Cervical cancer is common and aggressive in HIV-positive women. Papanicolaou (Pap) testing helps in earlier identification resulting in early treatment. Guidelines recommend annual screening for this population [8].


Approximately 520000 new cases of invasive cervical cancer are recorded worldwide every year [9].

In the United States, the annual incidence of cervical cancer is approximately 12,000 and over half of these cases occur in women [10].

In 2012, it was estimated that nearly 1.6 million cases of cancer were diagnosed–790,740 cases for women in particular

In 2013, another 1.7 million cases are expected to be diagnosed in the United States [11].

In Nigeria the incidence of cervical cancer is 14,550 per 100,000 and the mortality rate is 9,659 per 100,000 [12].

WHO conveyed that worldwide 12.5% of all deaths are due to cancer and if the tendency continues, it is estimated that by 2020, 16million new cases will be diagnosed per annum and out of which 70% will be in the developing countries [13].

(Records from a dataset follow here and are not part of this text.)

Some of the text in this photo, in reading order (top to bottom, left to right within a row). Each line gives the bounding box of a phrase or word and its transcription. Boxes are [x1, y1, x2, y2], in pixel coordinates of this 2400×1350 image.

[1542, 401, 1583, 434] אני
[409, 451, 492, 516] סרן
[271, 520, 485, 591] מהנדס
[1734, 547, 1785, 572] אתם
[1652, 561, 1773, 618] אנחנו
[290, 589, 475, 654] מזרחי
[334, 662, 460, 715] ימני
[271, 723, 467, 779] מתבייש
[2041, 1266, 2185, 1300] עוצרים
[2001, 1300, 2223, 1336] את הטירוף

In Spain the current data indicates that every year more than 2,000 women are diagnosed with cervical cancer and nearly 800 die from the disease [14].

Treatment Failures

Patients with early stage of cervical cancer when treated with surgery or radiotherapy are likely to have a good diagnosis. However, extensive treatment failure still occurs and about 30% of the patients treated for cervical carcinoma develop advanced or repeated tumours. Patients who suffer recurrence have a miserable prognosis with a 1-year survival rate of between 15 and 20%.

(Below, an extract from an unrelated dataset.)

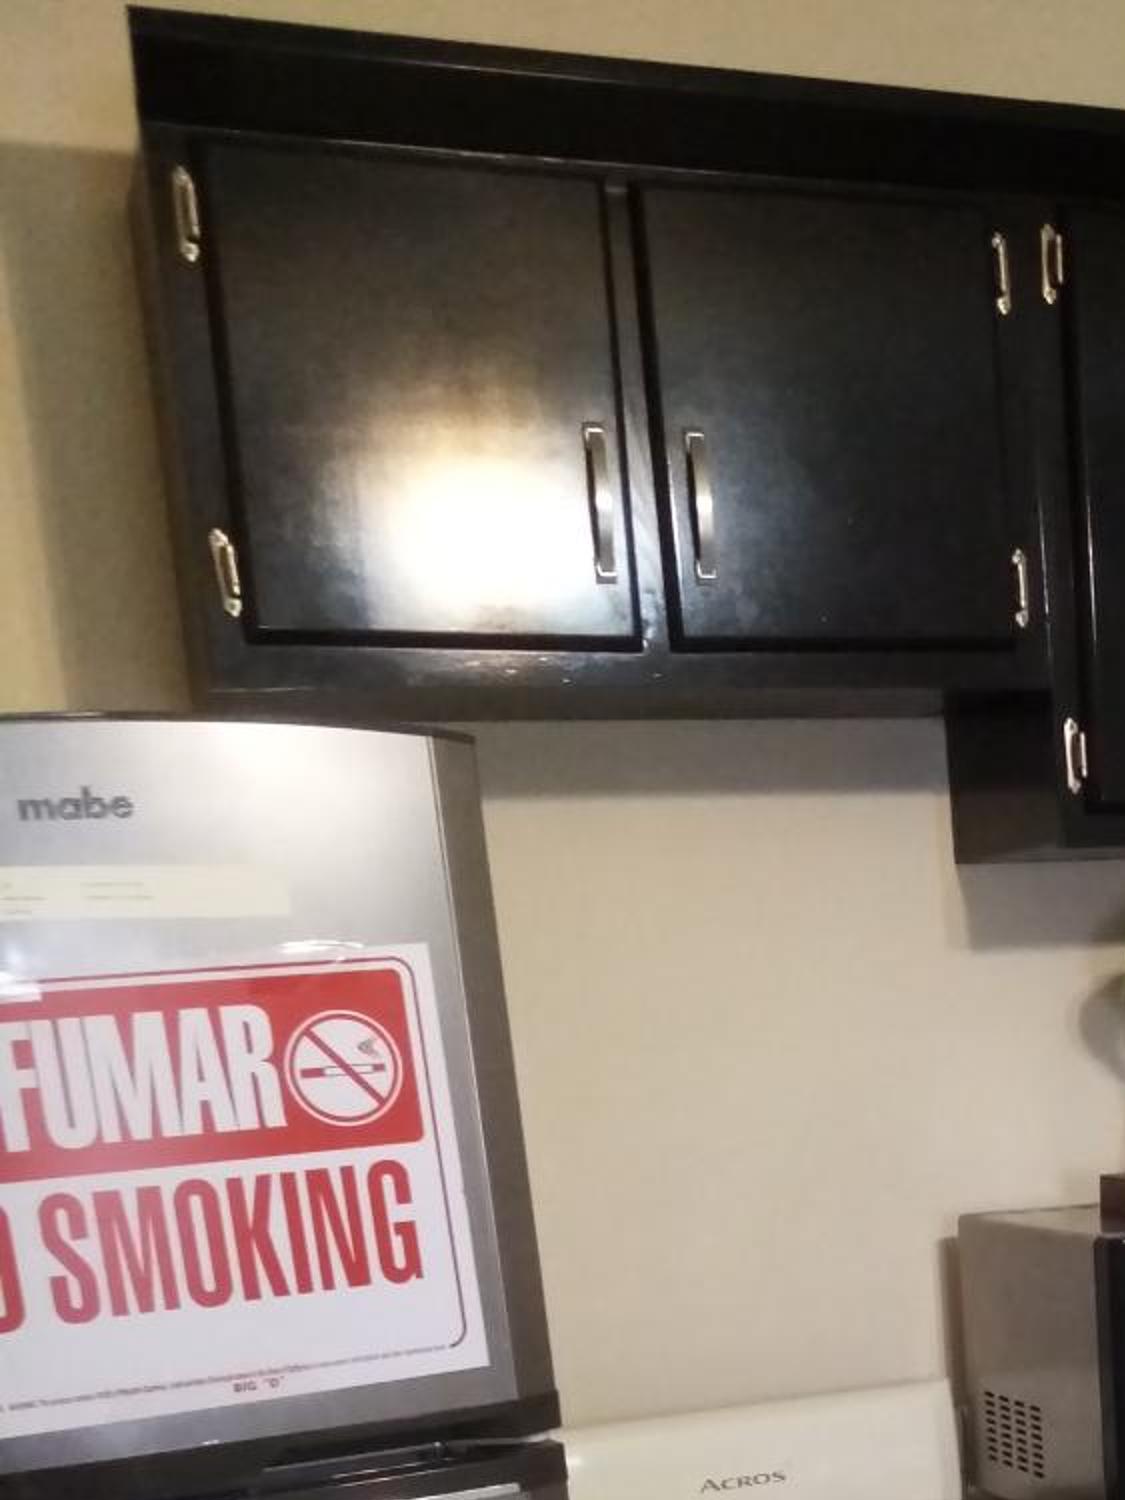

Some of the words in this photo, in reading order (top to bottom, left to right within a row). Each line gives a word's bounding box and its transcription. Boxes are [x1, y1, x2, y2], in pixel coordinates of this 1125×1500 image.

[17, 785, 134, 821] mabe
[0, 1004, 288, 1153] FUMAR
[37, 1159, 424, 1325] SMOKING
[700, 1470, 786, 1494] ACROS

Recurrent cervical cancer is defined as local tumour re-growth or the development of nodal or distant metastases at least 6 months after the injury has relapsed. Outstanding disease is that which is evident within 6 months of primary treatment. The average rate of recurrence is that approximately two-thirds of cases recur within the first 2 years following initial treatment, and 90% of cases recur by 5 years The risk of treatment failure depends on the initial staging and, consequently, on the chosen therapeutics. Risk factors for recurrence of cervical carcinoma include the histological type, size, depth of stromal invasion, and the nodal status at presentation.

Pelvic recurrence can locate centrally or laterally in the pelvis. Extra-pelvic recurrence most commonly involves para-aortic lymph nodes, lungs, liver and bone [15].